Terms

Funds Management Definition Responsibilities and Industries

Funds Management: Definition, Responsibilities, and Industries

What Is Funds Management?

Funds management oversees and handles a financial institution’s cash flow. The fund manager ensures that deposit maturity schedules align with loan demand by considering both liabilities and assets that affect the bank’s credit issuance.

Funds Management in Action

Funds management, also known as asset management, maintains the value of an entity. It applies to intangible assets (e.g., intellectual property and goodwill) and tangible assets (e.g., equipment and real estate). This systematic process operates, deploys, maintains, disposes, and upgrades assets in the most cost-efficient and profit-yielding way.

A fund manager pays attention to cost and risk to capitalize on cash flow opportunities. Ensuring proper fund liquidity is crucial. Funds management can also involve managing fund assets.
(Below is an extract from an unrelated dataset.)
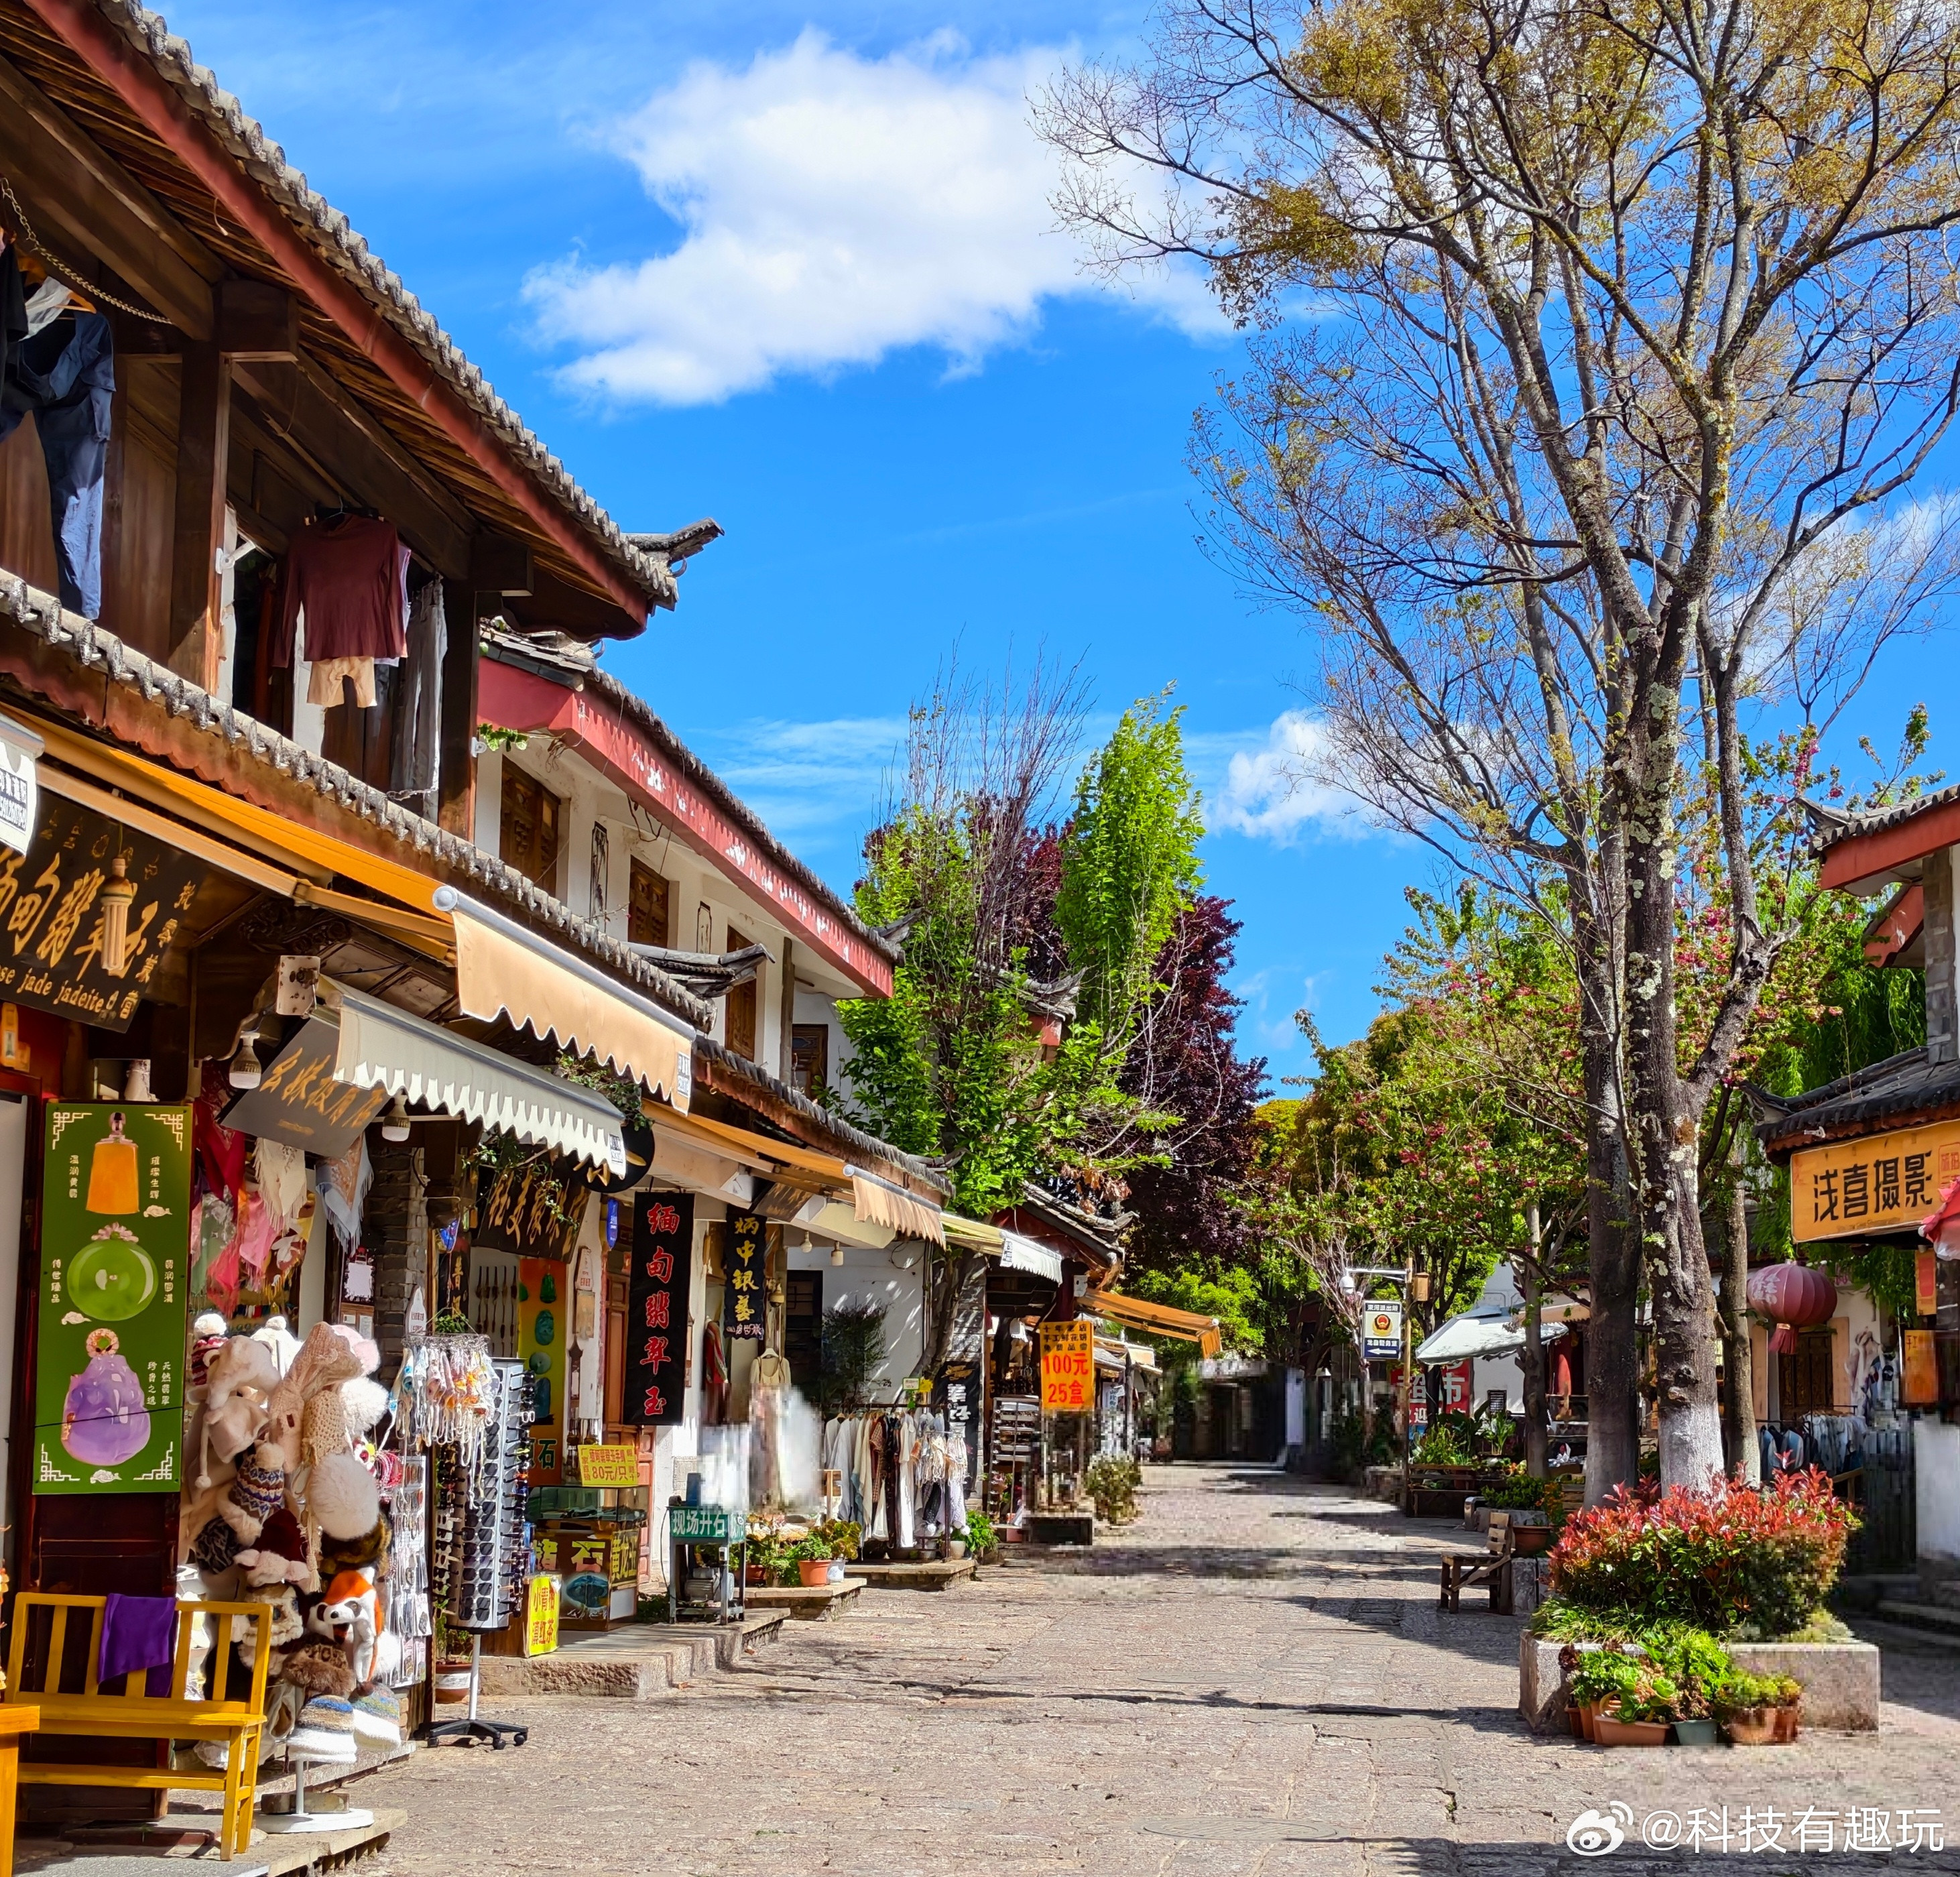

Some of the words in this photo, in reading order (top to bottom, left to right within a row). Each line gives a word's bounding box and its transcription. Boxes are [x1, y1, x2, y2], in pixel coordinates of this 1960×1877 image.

In the financial world, "fund management" refers to people and institutions that manage investments on behalf of investors, such as investment managers responsible for pension fund assets.

Divisions of Use

Fund management may be divided into four industries:

  • Financial investment industry
  • Infrastructure industry
  • Business and enterprise industry
  • The public sector

The most common use of "fund management" refers to investment or financial management, within the financial sector responsible for managing investment funds for clients. The fund manager studies client needs and financial goals, creates an investment plan, and executes the strategy.

Classifying Fund Management

Fund management can be classified by client type, management method, or investment type.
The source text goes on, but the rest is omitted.